The natural ecosystems, weather, agriculture, and life, in general, would suffer vastly due to a 1.5-degree rise. Imagine what would happen if the rise is beyond 2-degrees. The report said that could cost $54 trillion in damages as agriculture is the primary source of income in many countries. Further, it may result in severe droughts, floods, destruction of coral reefs and give rise to disease, poverty, and hunger.

To make the matter worse, our planet has already turned 1-degree-Celsius warmer than pre-industrial levels. So, our window is even shorter than we presumed.

“Limiting warming to 1.5 degrees Celsius is possible within the laws of chemistry and physics,” energy policy expert Jim Skea of Imperial College London, one of the authors of the report, explains to Christopher Joyce at NPR. “But doing so would require unprecedented changes.”

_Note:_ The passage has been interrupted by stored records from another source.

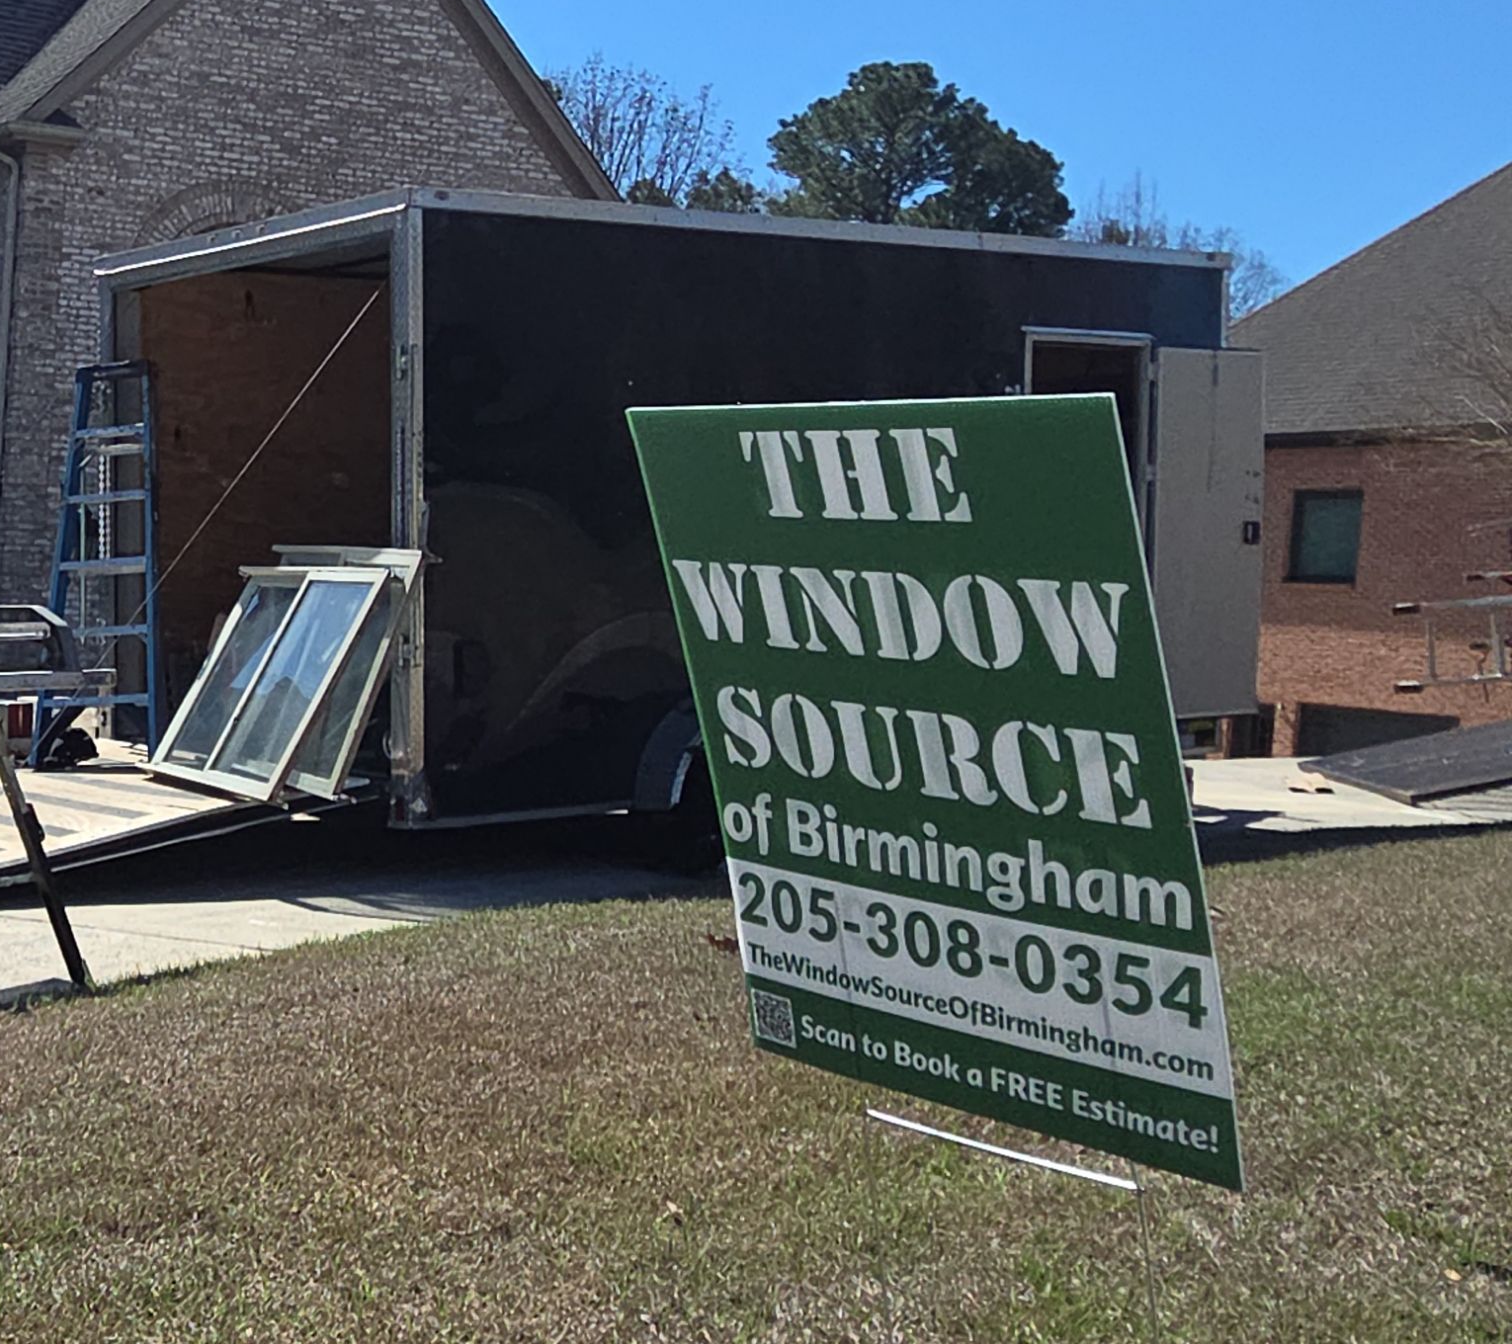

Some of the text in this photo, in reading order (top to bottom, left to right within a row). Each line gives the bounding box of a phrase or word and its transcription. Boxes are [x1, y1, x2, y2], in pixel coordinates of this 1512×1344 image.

[738, 427, 973, 523] THE
[672, 559, 1130, 679] WINDOW
[716, 685, 1153, 830] SOURCE
[723, 793, 1192, 931] of Birmingham
[738, 872, 1209, 1030] 205-308-0354
[747, 942, 1214, 1081] TheWindowSourceOfBirmingham.com
[800, 1015, 1220, 1154] Scan to Book a FREE Estimate!
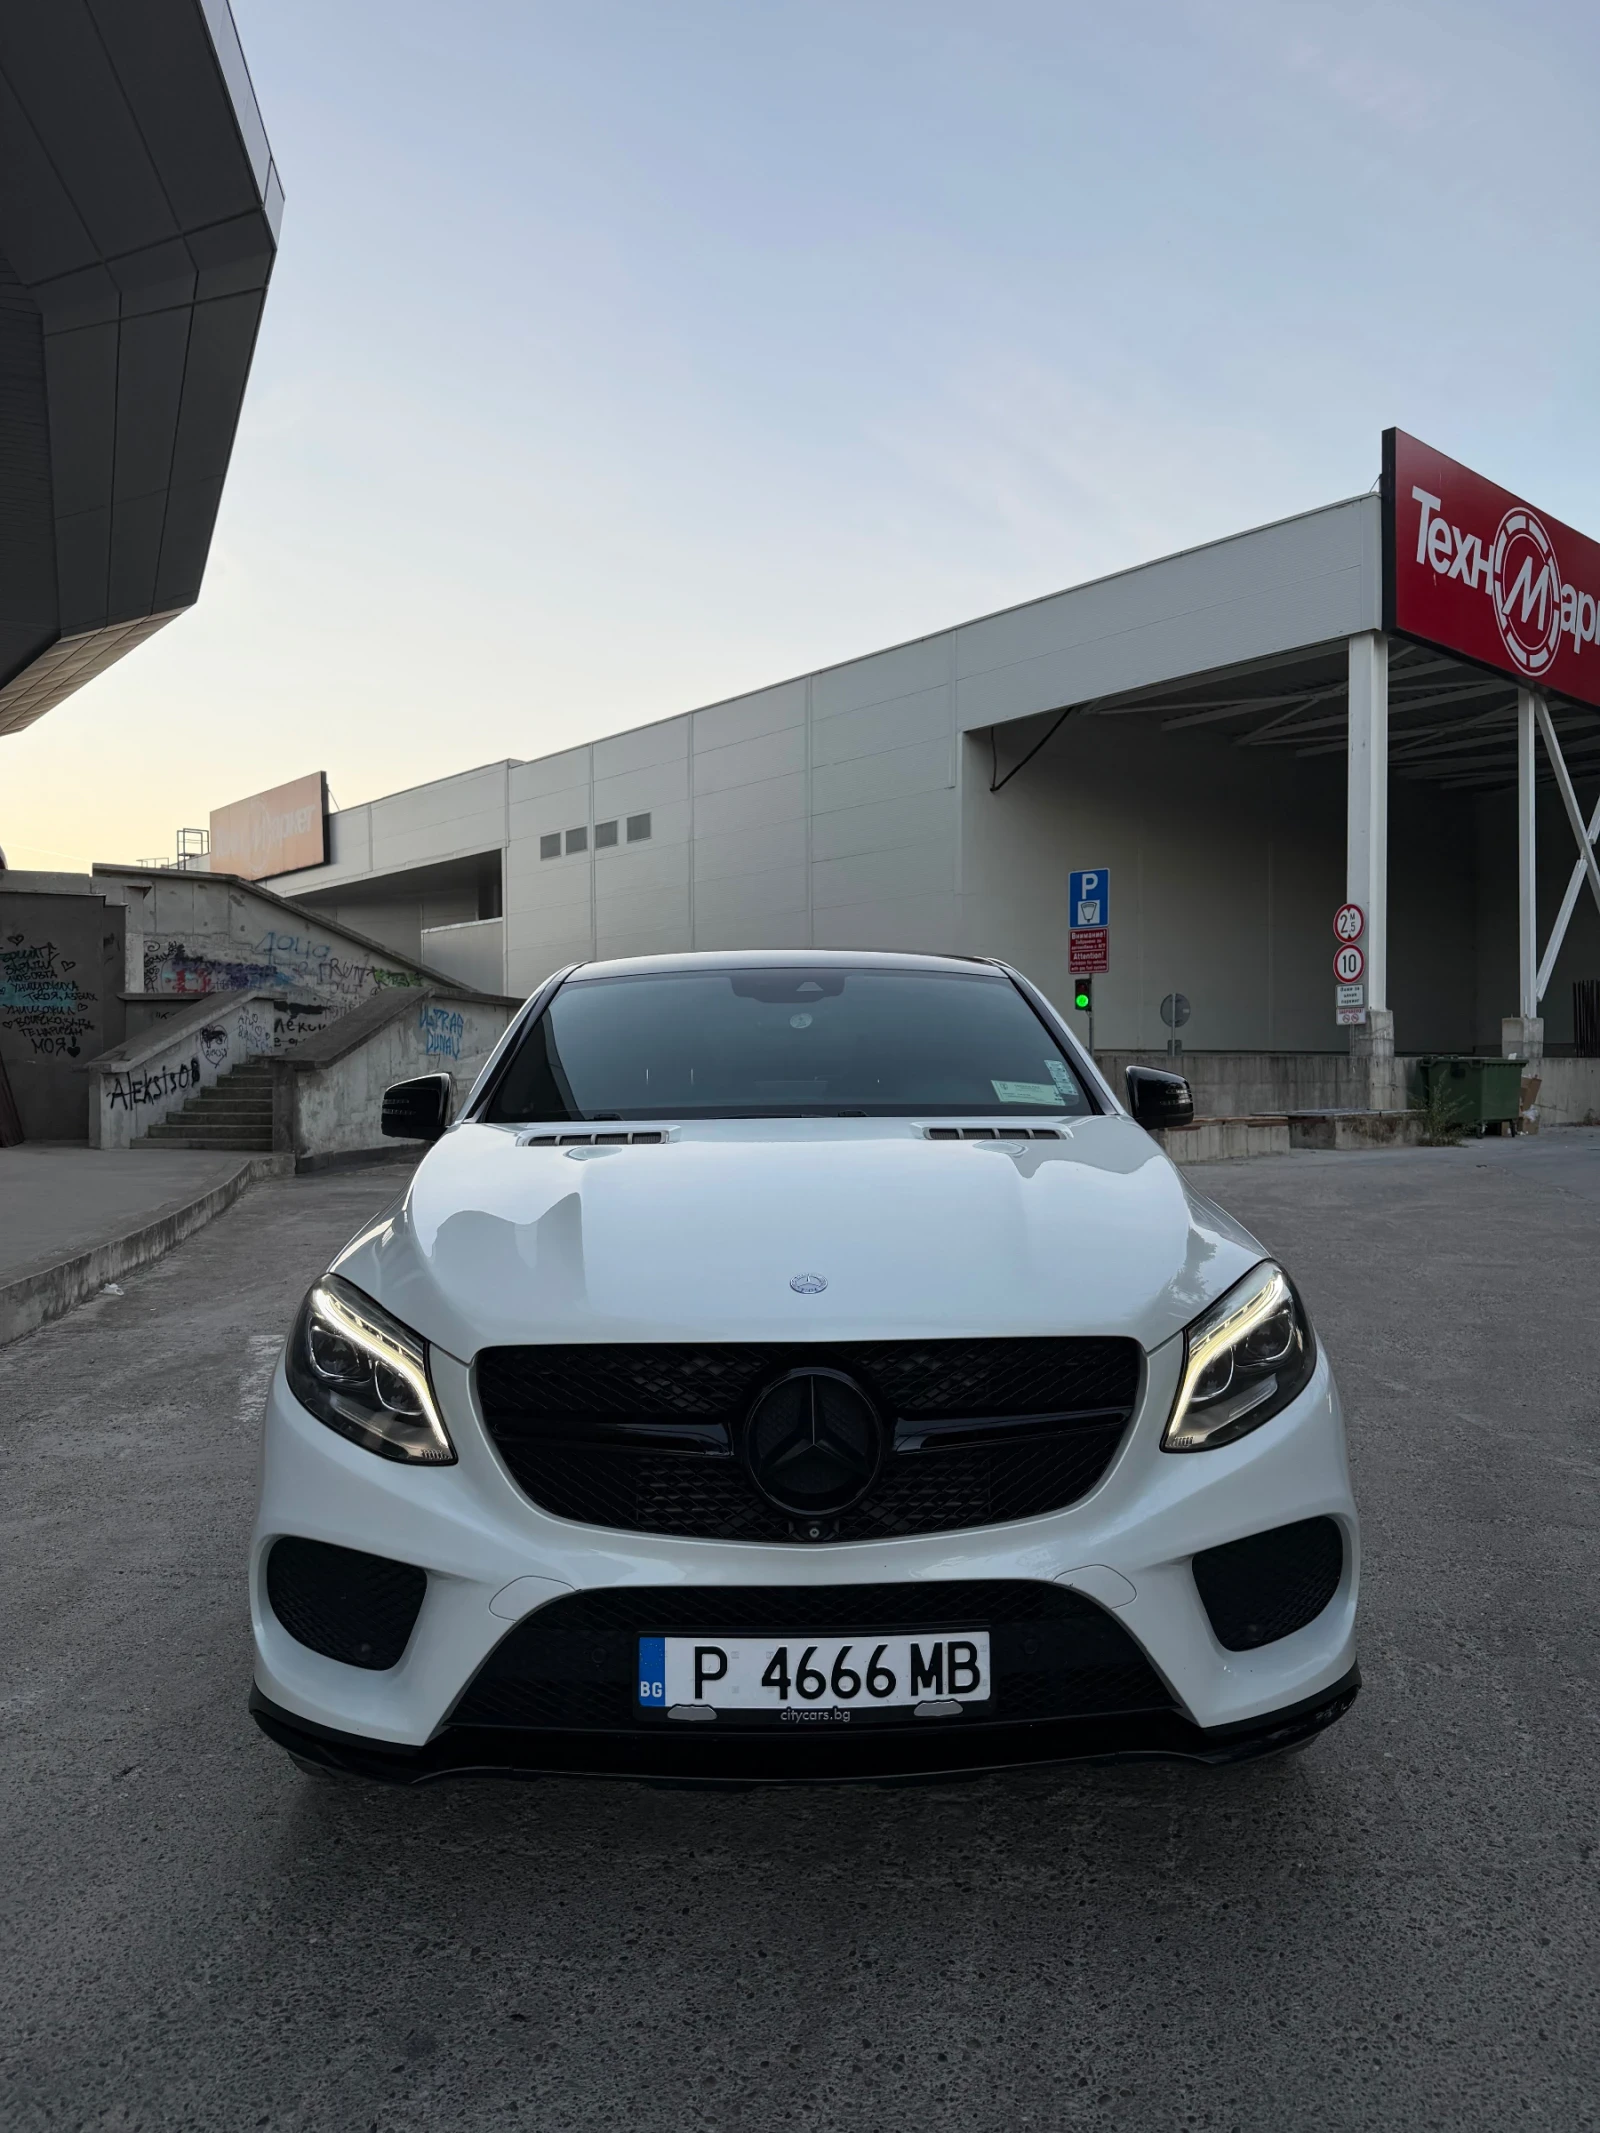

The changes we require are plenty and they are needed to become effective as soon as possible. We need a 40 to 50 reduction in emissions by 2030 and a carbon-neutral world by 2050.

The world needs to reduce the dependency on coal and fossil fuels as the primary source of energy and shift focus to renewable energy from sun and wind.

The technology plays a very important part in putting these initiatives and words into motion. Turning eco-friendly would definitely help the cause but would not be of much use without relevant technology to suck greenhouse gases from the air. We still lack reliable machines to do the job effectively and commercially.

“The best way to remove carbon dioxide from the air,” explains MIT engineer Howard Herzog in his book Carbon Capture, is “to not release it into the air in the first place,” Joyce reports.

Moreover, the nations in the world should be on the same page. Only together we can avoid this Armageddon. Donald Trump, President of the United States, announced intent to withdraw the US from the Paris agreement in 2017. A step in a wrong direction.

“We have a monumental task in front of us, but it’s not impossible,” study co-author and climate scientist Natalie Mahowald of Cornell University tells Joyce at NPR. “This is our chance to decide what [the next 50 years] will look like.”